Wednesday, September 5, 2012

Unintended Consequences

The article by Paul Gionfriddo entitled "How I Helped Create a Flawed Mental Health System That's Failed Millions -- and My Son" tears at one's heart and points out the need to address the needs of those with mental illness in a holistic way.  It is clear that earlier recognition of these issues by schools, the courts and society in general is desperately needed.  It is equally clear that a tendency to blame bad parenting and to call everything "attention deficit disorder" also contributes to this societal and personal (for Mr. Gionfriddo and others in the same situation) disaster that is all too common.  I only wish that I believed that the solutions he outlines would be effective.  In the same way the system he helped dismantle through legislative action and the system that he attempted to build in its place contributed to some of the problems he  has lived through, the solutions that he has outlined may have other unintended consequences as well.

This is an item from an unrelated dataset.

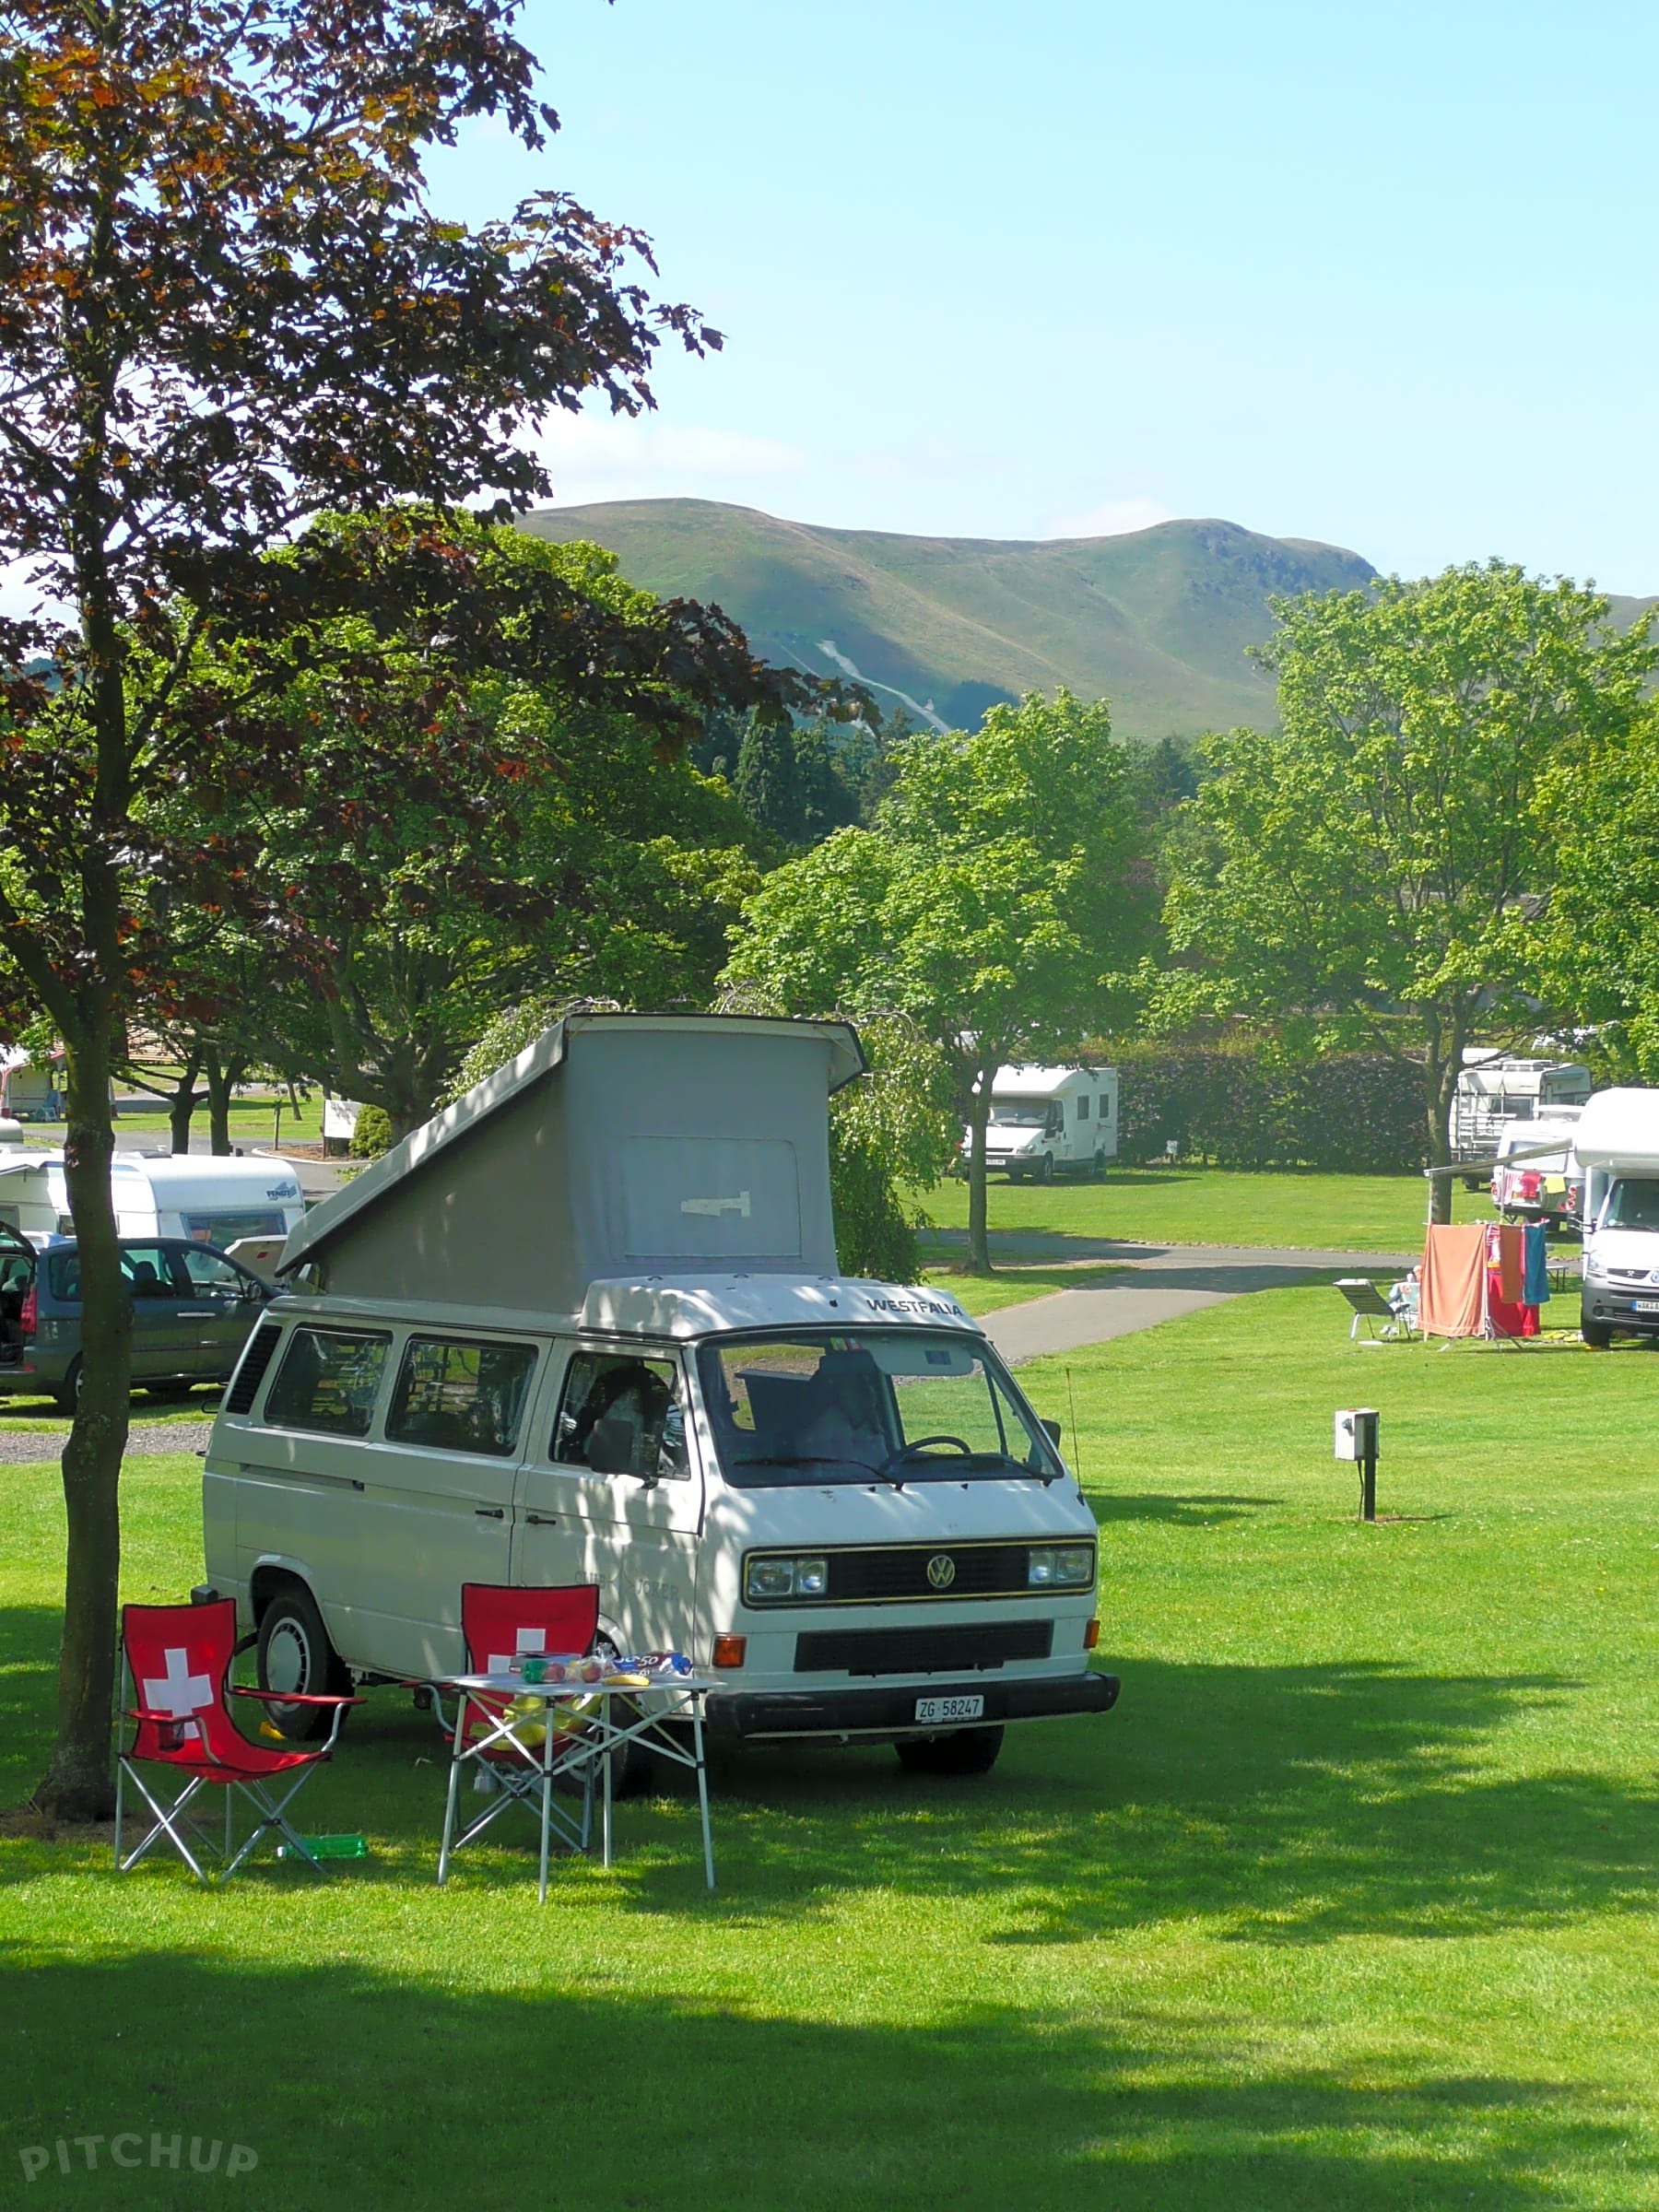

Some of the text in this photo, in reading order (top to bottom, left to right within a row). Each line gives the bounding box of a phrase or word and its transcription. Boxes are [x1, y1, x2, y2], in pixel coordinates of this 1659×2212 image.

Something must be done and I wish I knew the right answers and was as certain that this author is about the need for certain specific actions.  Here are some of my thoughts about his suggestions as to what he would do if he were a legislator today, taken with the understanding that I have not had to live through his experiences with his son.

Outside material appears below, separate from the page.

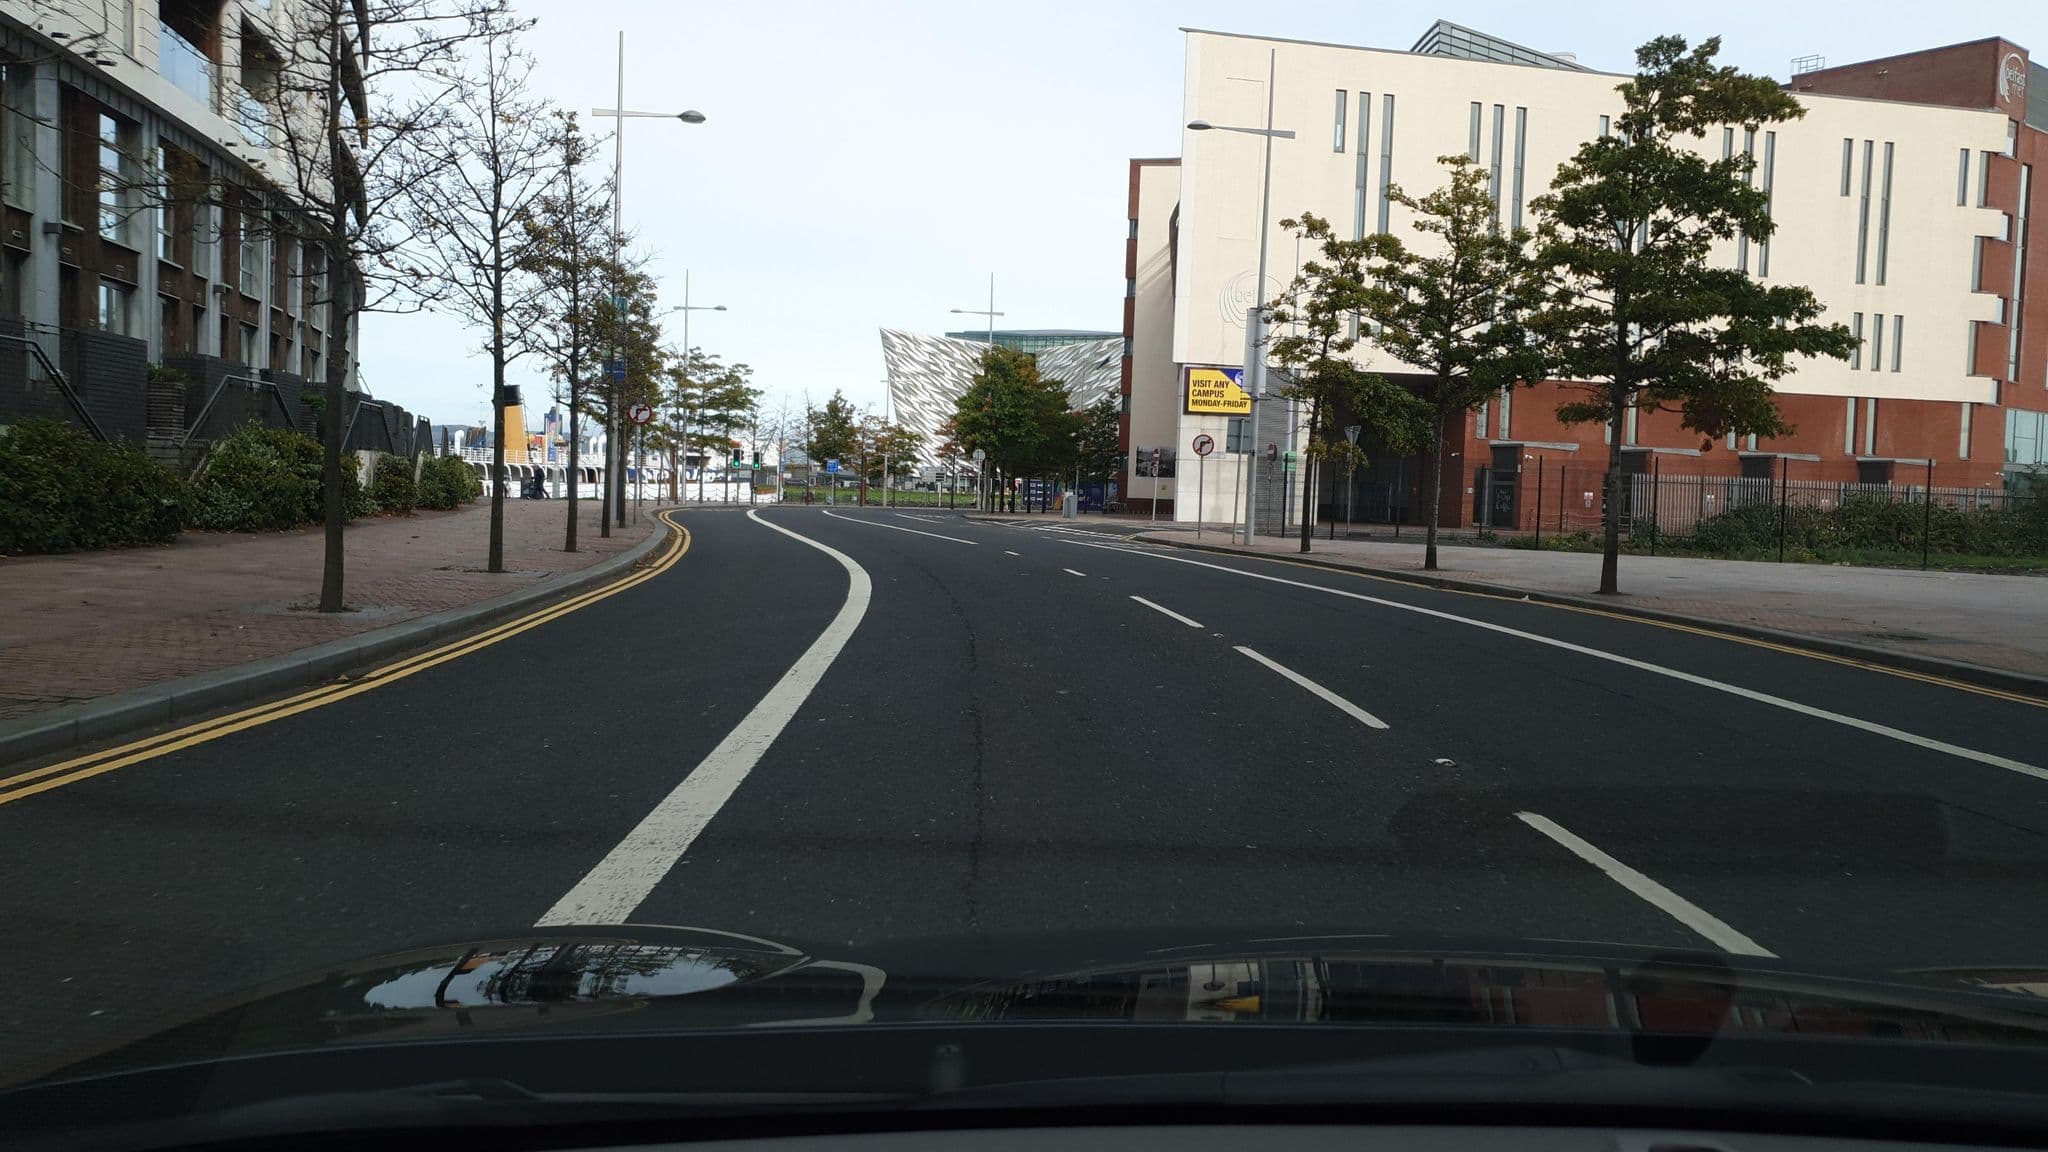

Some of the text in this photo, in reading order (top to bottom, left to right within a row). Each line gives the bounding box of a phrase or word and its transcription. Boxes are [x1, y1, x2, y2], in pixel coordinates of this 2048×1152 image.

  • "I'd mandate - and provide funding to ensure - that every teacher receive training in recognizing symptoms of mental illness in students and how to handle students with a mental illness effectively."    I strongly agree that schools must have people who have more knowledge of mental illness.  The challenge is that training every teacher and then having those teachers only use those skills infrequently almost guarantees that those taught skills will become rusty and below that which is needed.  While our answers are often to train, we have to understand that training only works if the skills that we train on are reinforced and used in an ongoing way.  
  • "I'd implement the Affordable Care Act's Medicaid expansion for single adult without delay in 2014 and put much more money into community mental health services."  As a physician who has watched the Medicaid payments get squeezed to a point where few physicians and therapists will see patients, I do have a hard time understanding how sub-optimal therapy that is expanded to more people will create better care when the resources of talented people with time to spend on each patient is still far too limited.  I too believe strongly in the promise of better community mental health services and only wish that they could be put into place with their effectiveness being measured directly by the families of those mental health patients affected.  
  • "I'd integrate how services are delivered by funding collaborative community mental health  programs and have them run by mental health professionals."  Here again I worry more about how this will be done to ensure that the services are those that actually help the people involved.  Translating a good intent into effective regulations and policies is often where those pesky unintended consequences occur.  
  • "Finally, I'd insist that the spirit and mandates of the federal Mental Health Parity Act of 2008 be enforced uniformly across the states."  I agree with the emotion that the intent of that law passed in 2008 should be followed everywhere but with culture and resources varying so much from state to state and from locale to locale it is hard for me to agree that all the mandates should be followed in the same way.  Rather I would like to see an understanding that people with mental illness must be treated with dignity and care so matter where they are treated and that they and their families be the people to decide if that treatment fits their need.  
Let us all share Mr. Gionfriddo's outrage and pain and do all we can to improve the total life care of those who suffer as his son suffers and to work to create a different improved path for those children who are starting to show signs of significant mental illness.